Work task: Keep the pictures out, please, and set down every record exactly.

######

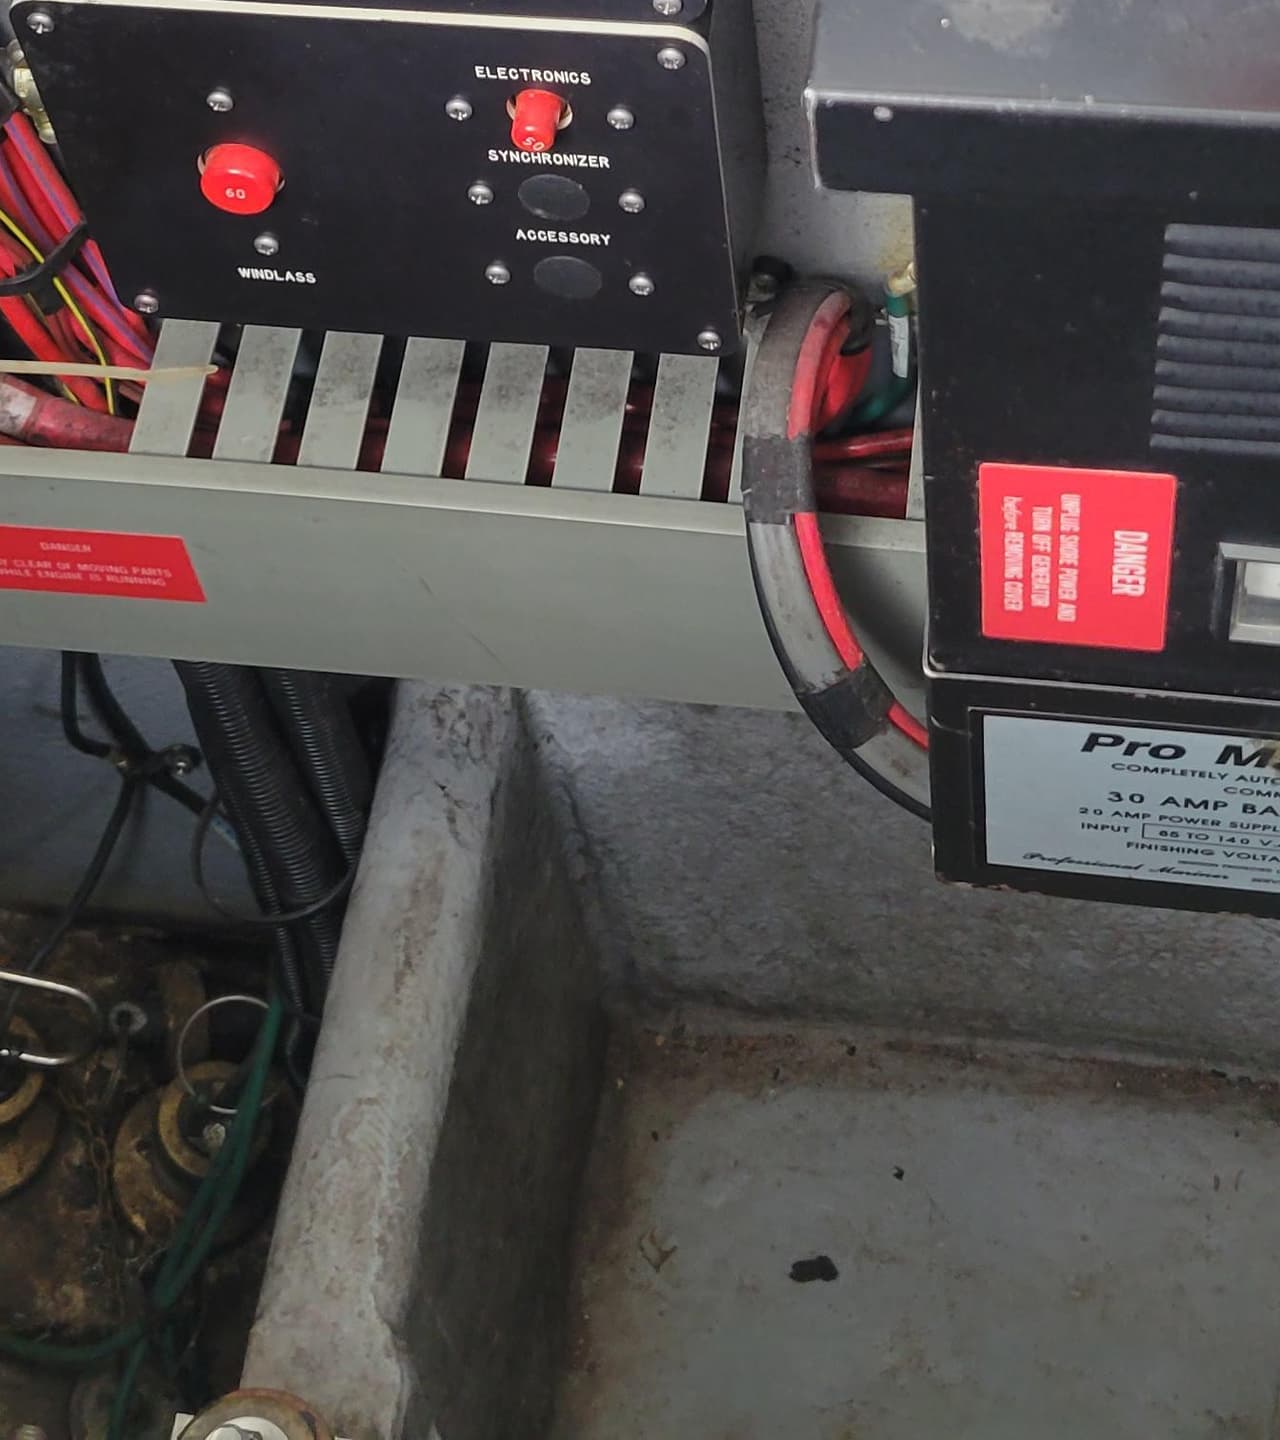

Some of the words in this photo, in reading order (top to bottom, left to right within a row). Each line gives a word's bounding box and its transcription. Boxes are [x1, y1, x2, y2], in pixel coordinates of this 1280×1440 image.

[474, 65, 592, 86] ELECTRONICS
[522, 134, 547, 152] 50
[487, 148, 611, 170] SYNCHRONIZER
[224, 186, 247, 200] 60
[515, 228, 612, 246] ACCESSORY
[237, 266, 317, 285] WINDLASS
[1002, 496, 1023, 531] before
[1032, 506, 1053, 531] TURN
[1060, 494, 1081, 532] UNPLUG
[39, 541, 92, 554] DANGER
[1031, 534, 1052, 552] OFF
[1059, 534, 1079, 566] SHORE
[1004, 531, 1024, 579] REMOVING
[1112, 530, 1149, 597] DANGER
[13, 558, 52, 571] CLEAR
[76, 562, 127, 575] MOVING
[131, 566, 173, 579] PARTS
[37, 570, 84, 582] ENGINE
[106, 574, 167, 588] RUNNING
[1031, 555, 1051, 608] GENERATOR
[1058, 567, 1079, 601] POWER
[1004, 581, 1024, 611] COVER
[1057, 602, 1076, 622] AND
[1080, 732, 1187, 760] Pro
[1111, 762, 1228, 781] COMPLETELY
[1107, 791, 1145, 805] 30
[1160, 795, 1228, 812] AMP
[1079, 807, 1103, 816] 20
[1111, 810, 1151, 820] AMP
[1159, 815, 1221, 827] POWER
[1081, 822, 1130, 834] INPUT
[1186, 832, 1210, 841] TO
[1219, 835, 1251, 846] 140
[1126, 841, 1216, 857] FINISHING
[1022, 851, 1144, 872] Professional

######

Solution to this problem:
Some of the words in this photo, in reading order (top to bottom, left to right within a row). Each line gives a word's bounding box and its transcription. Boxes are [x1, y1, x2, y2], in pixel coordinates of this 1280×1440 image.

[474, 65, 592, 86] ELECTRONICS
[522, 134, 547, 152] 50
[487, 148, 611, 170] SYNCHRONIZER
[224, 186, 247, 200] 60
[515, 228, 612, 246] ACCESSORY
[237, 266, 317, 285] WINDLASS
[1002, 496, 1023, 531] before
[1032, 506, 1053, 531] TURN
[1060, 494, 1081, 532] UNPLUG
[39, 541, 92, 554] DANGER
[1031, 534, 1052, 552] OFF
[1059, 534, 1079, 566] SHORE
[1004, 531, 1024, 579] REMOVING
[1112, 530, 1149, 597] DANGER
[13, 558, 52, 571] CLEAR
[76, 562, 127, 575] MOVING
[131, 566, 173, 579] PARTS
[37, 570, 84, 582] ENGINE
[106, 574, 167, 588] RUNNING
[1031, 555, 1051, 608] GENERATOR
[1058, 567, 1079, 601] POWER
[1004, 581, 1024, 611] COVER
[1057, 602, 1076, 622] AND
[1080, 732, 1187, 760] Pro
[1111, 762, 1228, 781] COMPLETELY
[1107, 791, 1145, 805] 30
[1160, 795, 1228, 812] AMP
[1079, 807, 1103, 816] 20
[1111, 810, 1151, 820] AMP
[1159, 815, 1221, 827] POWER
[1081, 822, 1130, 834] INPUT
[1186, 832, 1210, 841] TO
[1219, 835, 1251, 846] 140
[1126, 841, 1216, 857] FINISHING
[1022, 851, 1144, 872] Professional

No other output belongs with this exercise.